Monday, March 24, 2008

Devices and Orthopedic Consultants: When the Feds Get Serious

The New York Times recently updated us on the federal investigation into kickback payments from the medical device industry to orthopedic surgeons:

http://www.nytimes.com/2008/03/22/business/22device.html?_r=1&scp=1&sq=barnaby+feder+new+focus+of+inquiry&st=nyt&oref=slogin

Round One of this probe netted five leading manufacturers of artificial joints. By any standards, the action was a huge success. While not admitting any criminal wrongdoing, the companies agreed to stop doing what they were doing, paid $310M in fines, and placed themselves under federal supervision for a year in exchange for being let off the hook. The Feds now get to approve in advance any deals these companies make involving payments to orthopedic surgeons in 2008.

The Feds have now gone to a not exactly friendly venue--the American Academy of Orthopedic Surgeons--to announce Round Two. In this round they will take a much closer look at the physician end of the bargain.

As Christopher J. Christie, U.S. attorney in Newark, explaind it, "I've dealt with the supply issue, now I need to deal with the demand issue." I take that language to mean that his office does not view the docs as innocently walking down the street and being accosted by device manufacturers offering them bribes. I gather that instead, he views the highest-rolling surgeons as being in the shakedown business--give me a 6-figure consulting contract and I'll keep using the expensive device your company makes; otherwise I'll jump ship.

Now, if you ask the orthopedists, they say that this has all gotten blown way out of proportion. They insist that most new medical devices are invented by surgeons, and are improved by other surgeons who tinker around with them. Those consulting fees, that is, are paid for real creative work and are not bribes at all. The docs also say that surgeons get used to a particular device because they like its feel or the feel of the tools you use to put it in. They are not going to switch to another just because somebody pays them off.
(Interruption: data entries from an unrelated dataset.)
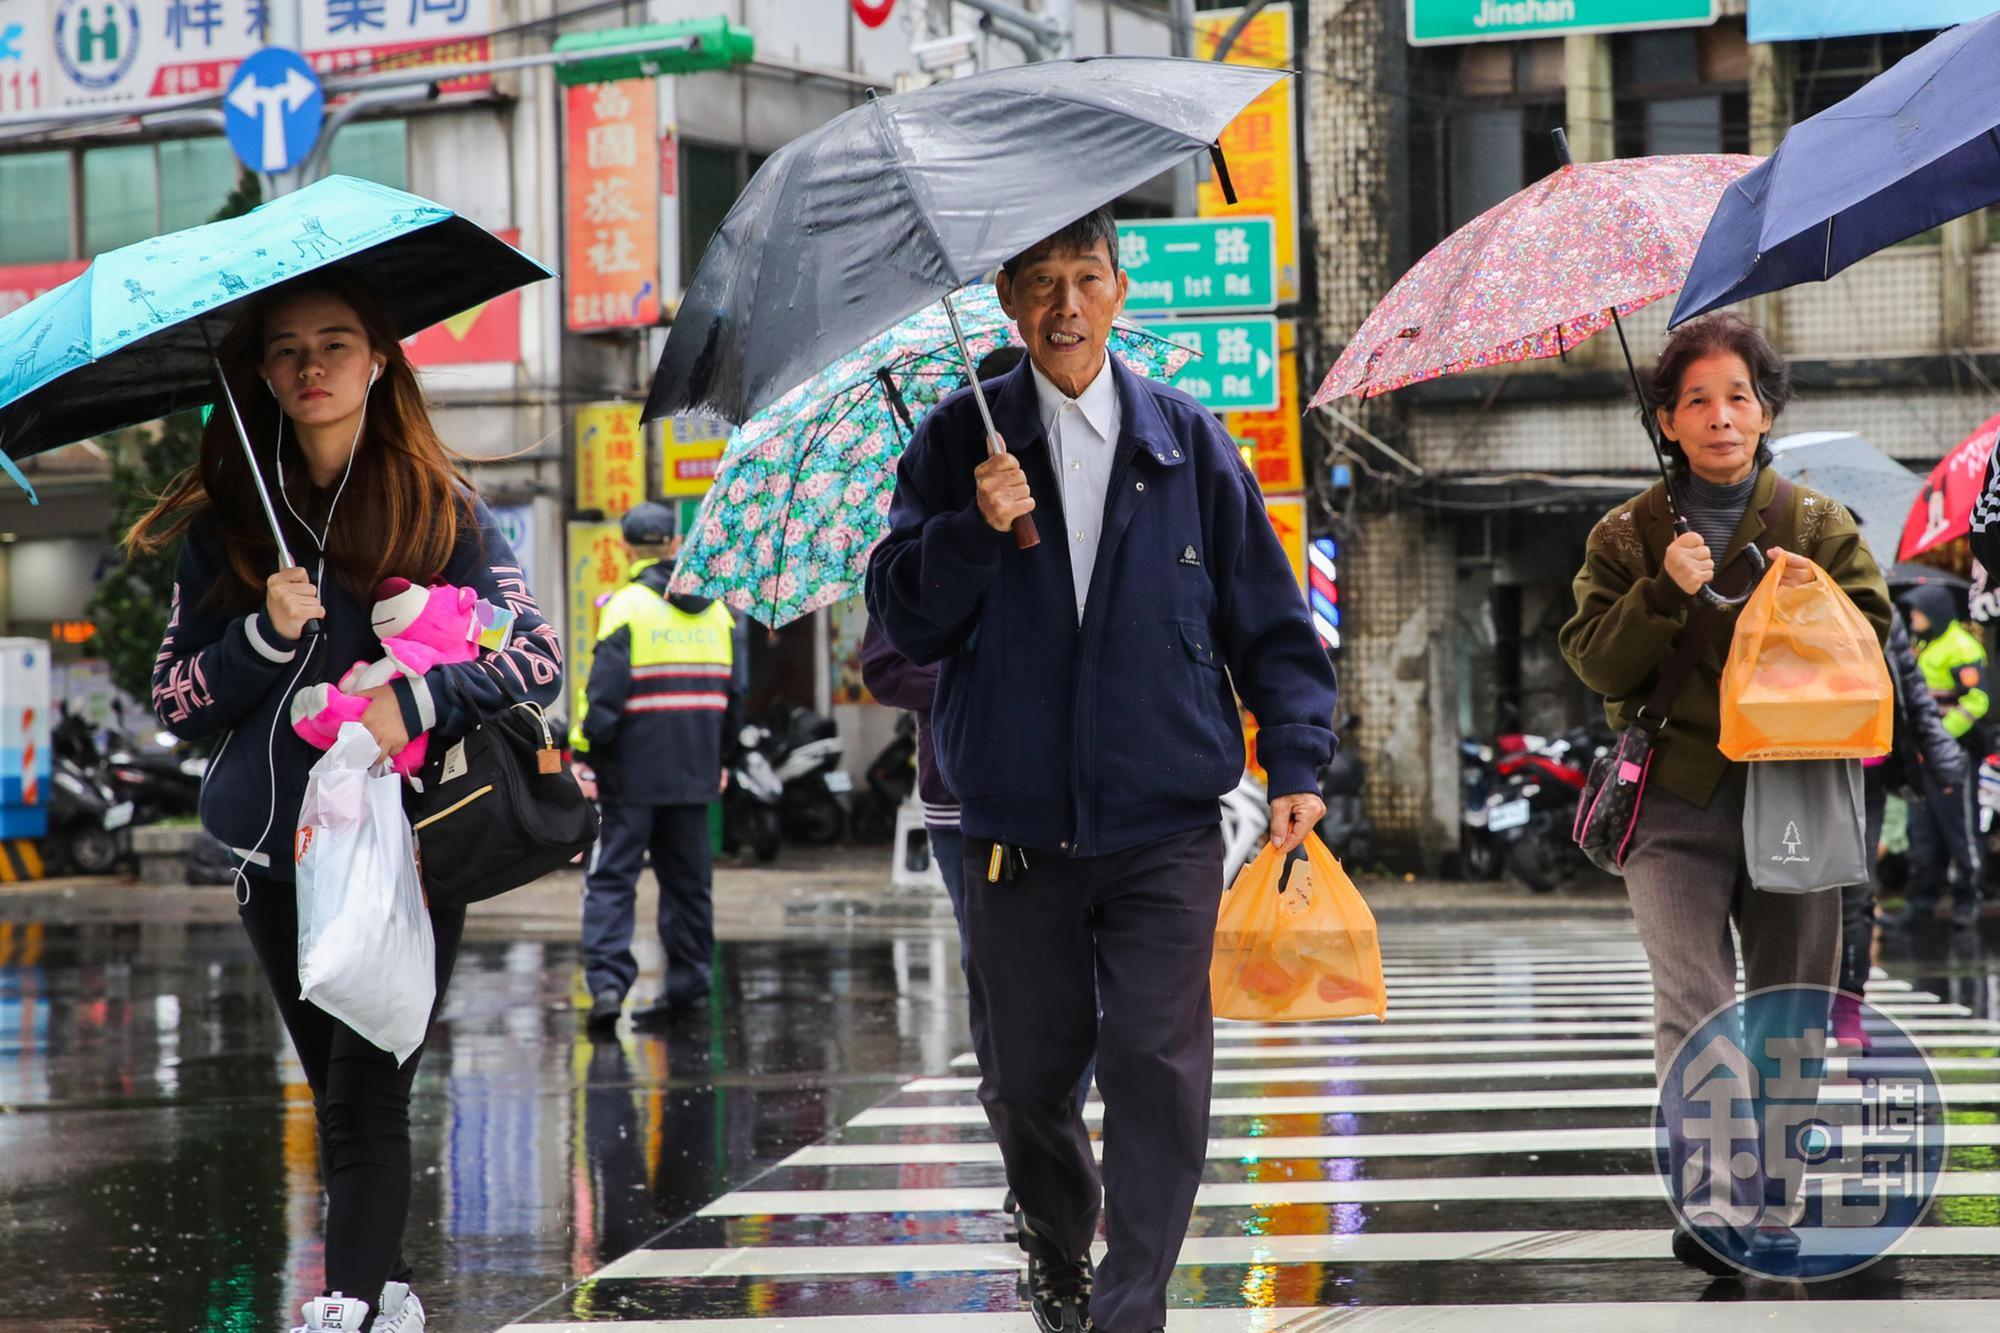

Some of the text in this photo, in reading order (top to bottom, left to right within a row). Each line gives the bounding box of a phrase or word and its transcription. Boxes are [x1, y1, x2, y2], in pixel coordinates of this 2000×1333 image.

[1473, 0, 1576, 27] Jinshan
[1118, 228, 1252, 268] 忠一路
[1184, 275, 1212, 297] 1st
[1224, 273, 1253, 296] Rd.
[1222, 375, 1254, 397] Rd.
[321, 1321, 342, 1329] FILA
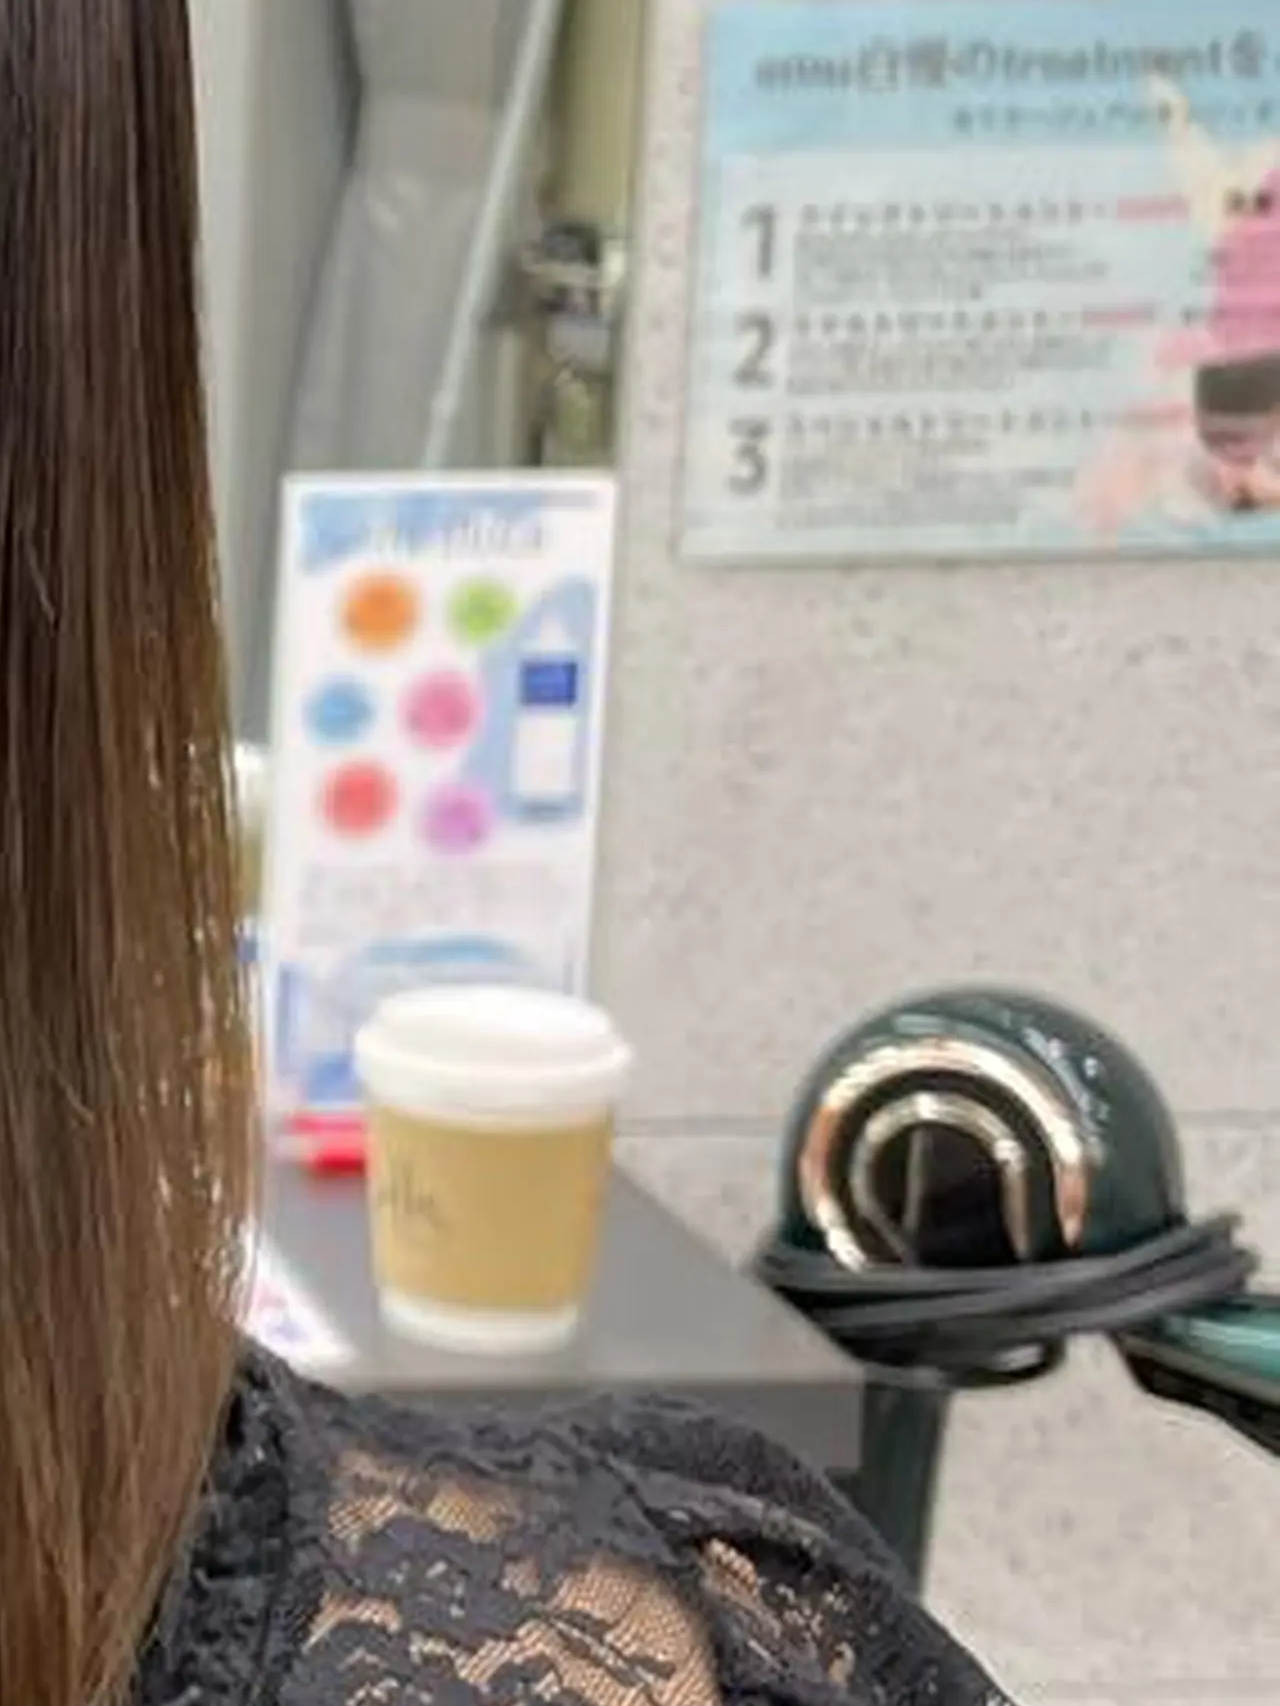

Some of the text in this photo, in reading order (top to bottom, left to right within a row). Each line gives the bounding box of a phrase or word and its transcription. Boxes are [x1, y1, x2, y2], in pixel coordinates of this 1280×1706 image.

[743, 205, 775, 279] 1
[734, 314, 774, 389] 2
[729, 419, 768, 493] 3
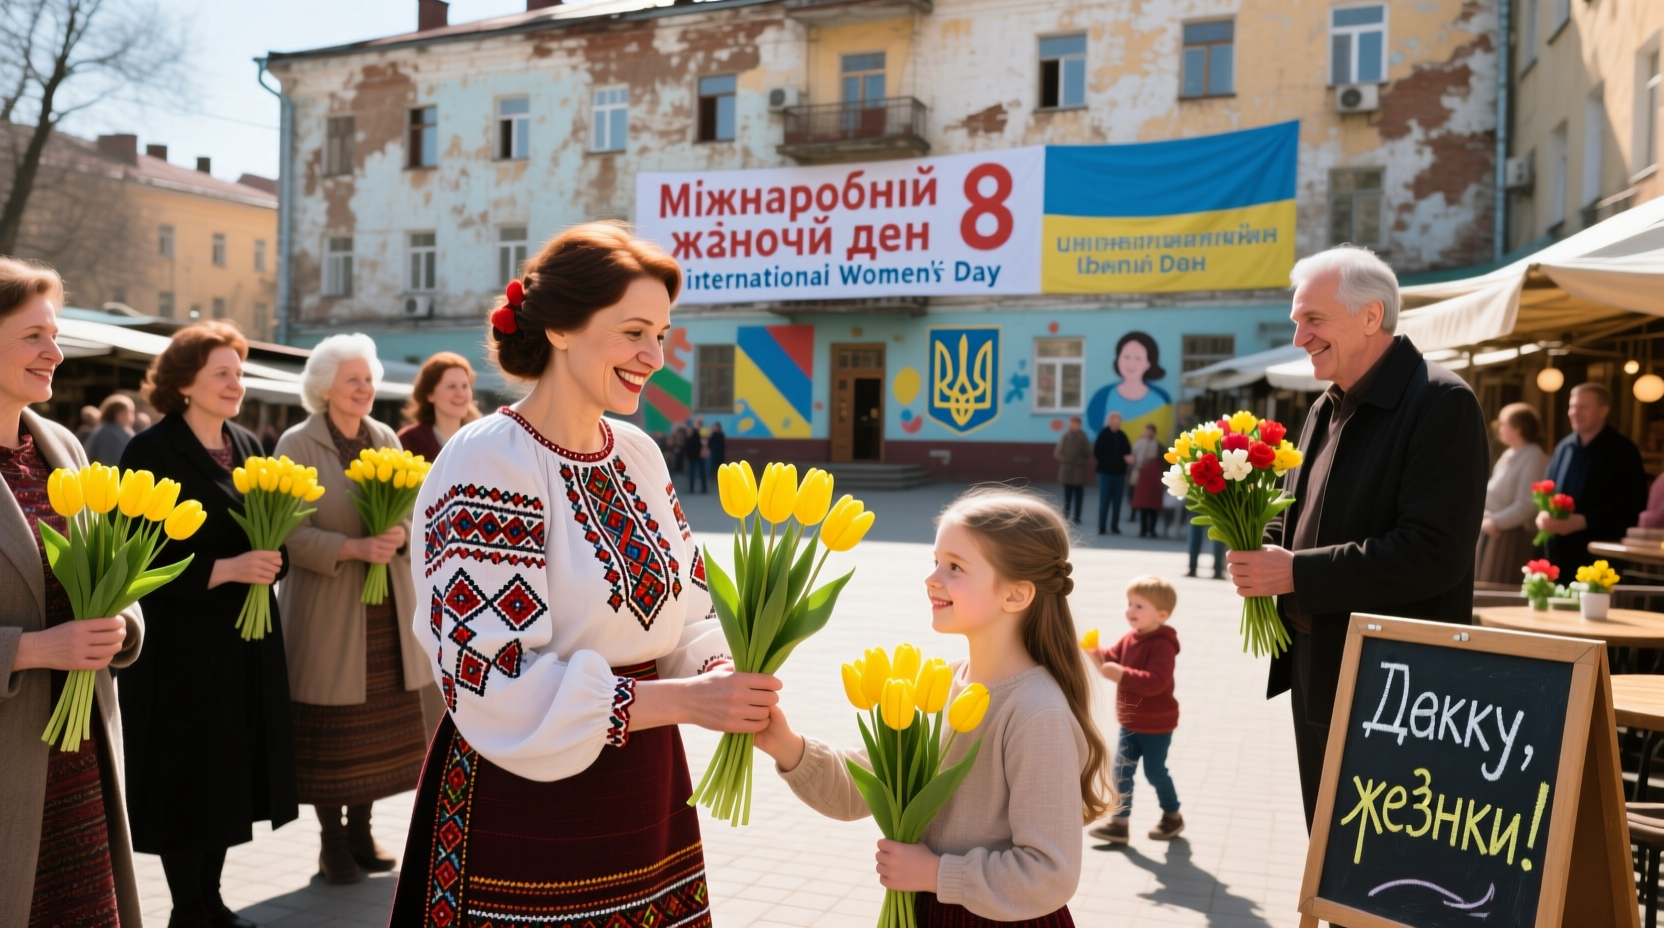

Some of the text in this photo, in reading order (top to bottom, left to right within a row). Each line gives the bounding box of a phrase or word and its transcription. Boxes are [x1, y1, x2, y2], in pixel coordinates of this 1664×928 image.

[960, 162, 1014, 251] 8
[846, 222, 930, 261] ден
[954, 261, 1002, 287] Day
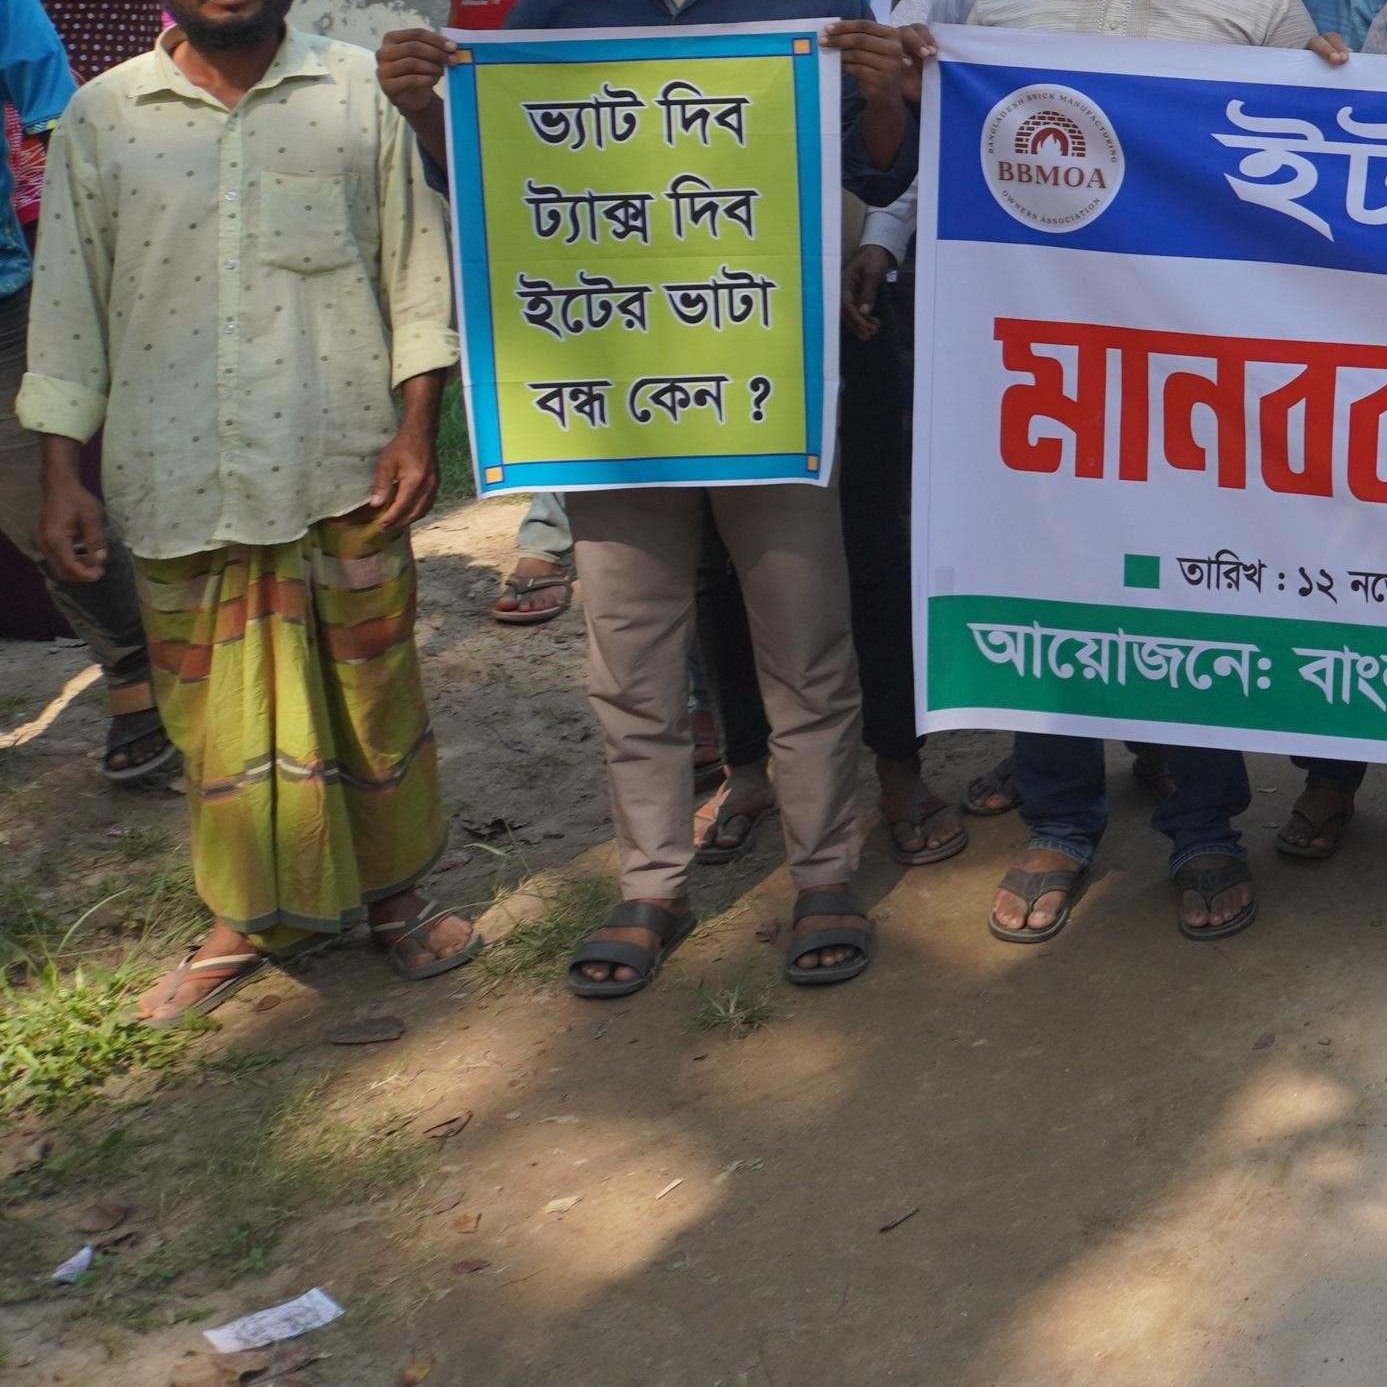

I have not had an opportunity to ask an orthopedist what he thought about all this. But I did ask a distinguished senior general surgeon, and his reply was not exactly printable. He made it quite clear that he did not think that anywhere near as much real "consulting" ever got done as cash flowed into docs' pockets.

Leaving aside who's right on the device/invention/consulting business, what I am most impressed by in this whole thing is what has happened in a very short span of time because the Feds decided to make a case out of this. Now, maybe nothing like this could happen in pharmaceuticals. Maybe the relatively small number of device manufacturers and surgeons who use the devices, plus the huge sums that were being paid out, allowed the Feds to move ahead in the device arena in a way they never could with drugs. But keep in mind (as I explained in HOOKED) that the very same law is on the books for all physicians. If you see any patients under Medicare or Medicaid, and you accept a gift of any value (including a pen) from a firm that sells stuff (like drugs) to Medicare or Medicaid, and a partial result of that interaction is that you could be influenced to prescribe that drug, then you could be looking at a cell in Leavenworth, according to the letter of the anti-kickback statute.

I guess all it takes is the will.

Feder BJ. New focus of inquiry into bribes: doctors. New York Times, March 22, 2008.